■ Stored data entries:
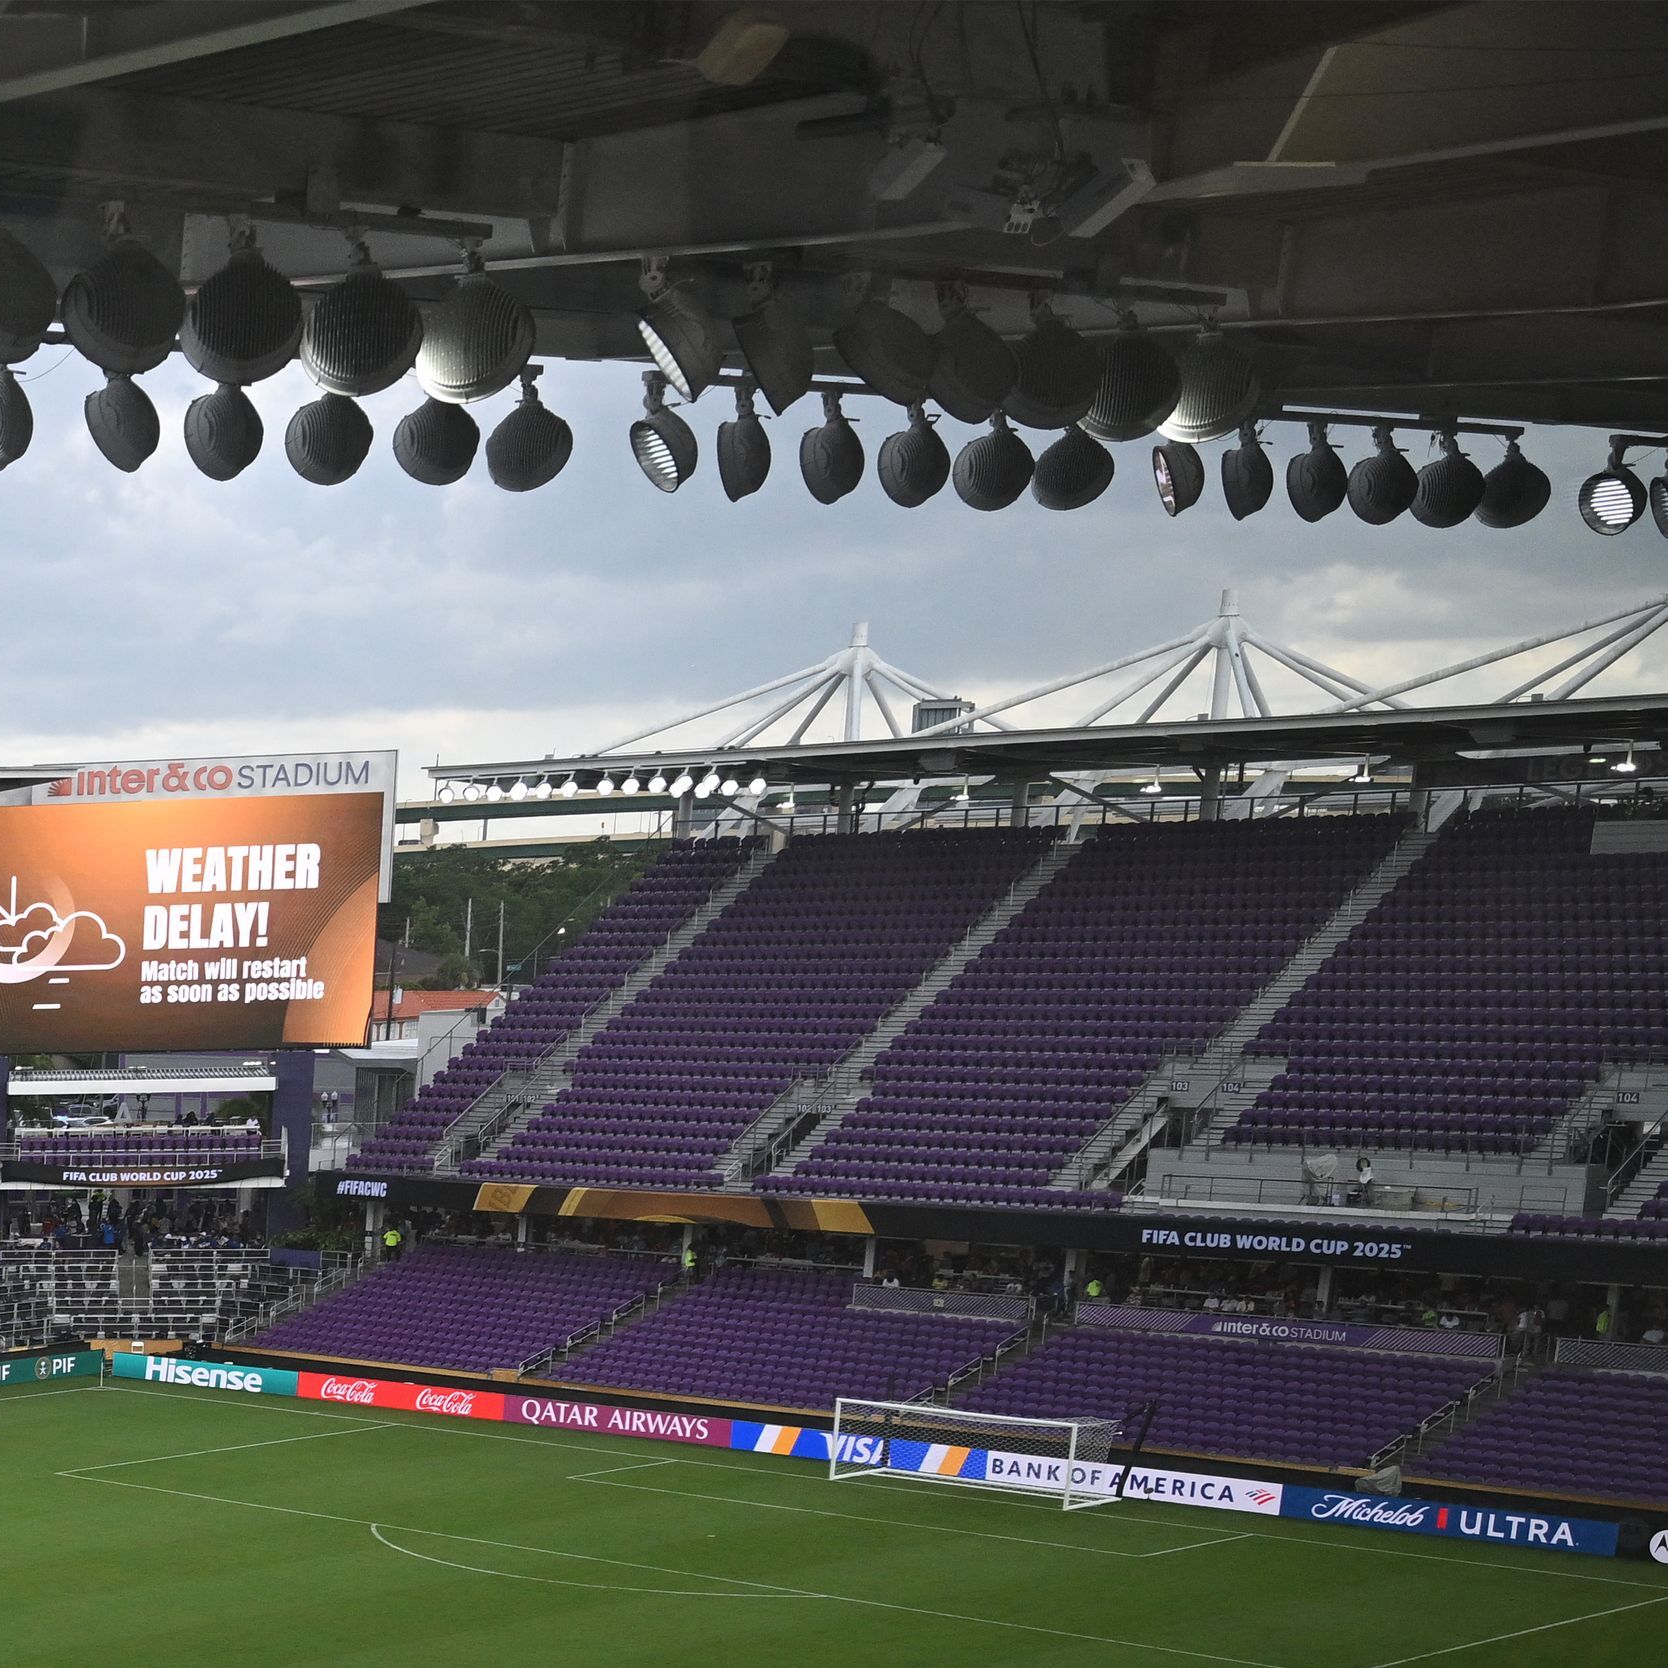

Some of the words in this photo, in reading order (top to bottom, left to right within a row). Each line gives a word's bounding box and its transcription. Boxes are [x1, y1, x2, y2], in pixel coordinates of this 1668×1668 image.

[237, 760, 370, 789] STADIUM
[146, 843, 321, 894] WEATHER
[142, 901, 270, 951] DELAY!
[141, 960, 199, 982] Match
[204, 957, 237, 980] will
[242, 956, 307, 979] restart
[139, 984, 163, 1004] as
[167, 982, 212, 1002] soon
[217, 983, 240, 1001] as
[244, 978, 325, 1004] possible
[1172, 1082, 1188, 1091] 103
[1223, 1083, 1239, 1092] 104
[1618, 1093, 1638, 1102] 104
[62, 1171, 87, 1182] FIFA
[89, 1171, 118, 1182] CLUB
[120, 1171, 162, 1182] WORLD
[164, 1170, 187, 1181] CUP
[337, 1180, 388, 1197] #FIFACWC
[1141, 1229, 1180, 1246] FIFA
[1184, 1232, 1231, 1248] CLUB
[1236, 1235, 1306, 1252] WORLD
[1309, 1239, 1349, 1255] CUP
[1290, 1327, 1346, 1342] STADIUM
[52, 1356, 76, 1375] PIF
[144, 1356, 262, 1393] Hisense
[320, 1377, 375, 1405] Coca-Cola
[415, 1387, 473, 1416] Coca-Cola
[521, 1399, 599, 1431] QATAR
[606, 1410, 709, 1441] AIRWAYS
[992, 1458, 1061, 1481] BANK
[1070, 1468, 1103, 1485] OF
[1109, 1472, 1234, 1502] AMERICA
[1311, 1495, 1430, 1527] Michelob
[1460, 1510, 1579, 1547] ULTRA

■ Action item: Copy out the data exactly and keep the pictures out.

■ Task response:
Some of the words in this photo, in reading order (top to bottom, left to right within a row). Each line gives a word's bounding box and its transcription. Boxes are [x1, y1, x2, y2], in pixel coordinates of this 1668×1668 image.

[237, 760, 370, 789] STADIUM
[146, 843, 321, 894] WEATHER
[142, 901, 270, 951] DELAY!
[141, 960, 199, 982] Match
[204, 957, 237, 980] will
[242, 956, 307, 979] restart
[139, 984, 163, 1004] as
[167, 982, 212, 1002] soon
[217, 983, 240, 1001] as
[244, 978, 325, 1004] possible
[1172, 1082, 1188, 1091] 103
[1223, 1083, 1239, 1092] 104
[1618, 1093, 1638, 1102] 104
[62, 1171, 87, 1182] FIFA
[89, 1171, 118, 1182] CLUB
[120, 1171, 162, 1182] WORLD
[164, 1170, 187, 1181] CUP
[337, 1180, 388, 1197] #FIFACWC
[1141, 1229, 1180, 1246] FIFA
[1184, 1232, 1231, 1248] CLUB
[1236, 1235, 1306, 1252] WORLD
[1309, 1239, 1349, 1255] CUP
[1290, 1327, 1346, 1342] STADIUM
[52, 1356, 76, 1375] PIF
[144, 1356, 262, 1393] Hisense
[320, 1377, 375, 1405] Coca-Cola
[415, 1387, 473, 1416] Coca-Cola
[521, 1399, 599, 1431] QATAR
[606, 1410, 709, 1441] AIRWAYS
[992, 1458, 1061, 1481] BANK
[1070, 1468, 1103, 1485] OF
[1109, 1472, 1234, 1502] AMERICA
[1311, 1495, 1430, 1527] Michelob
[1460, 1510, 1579, 1547] ULTRA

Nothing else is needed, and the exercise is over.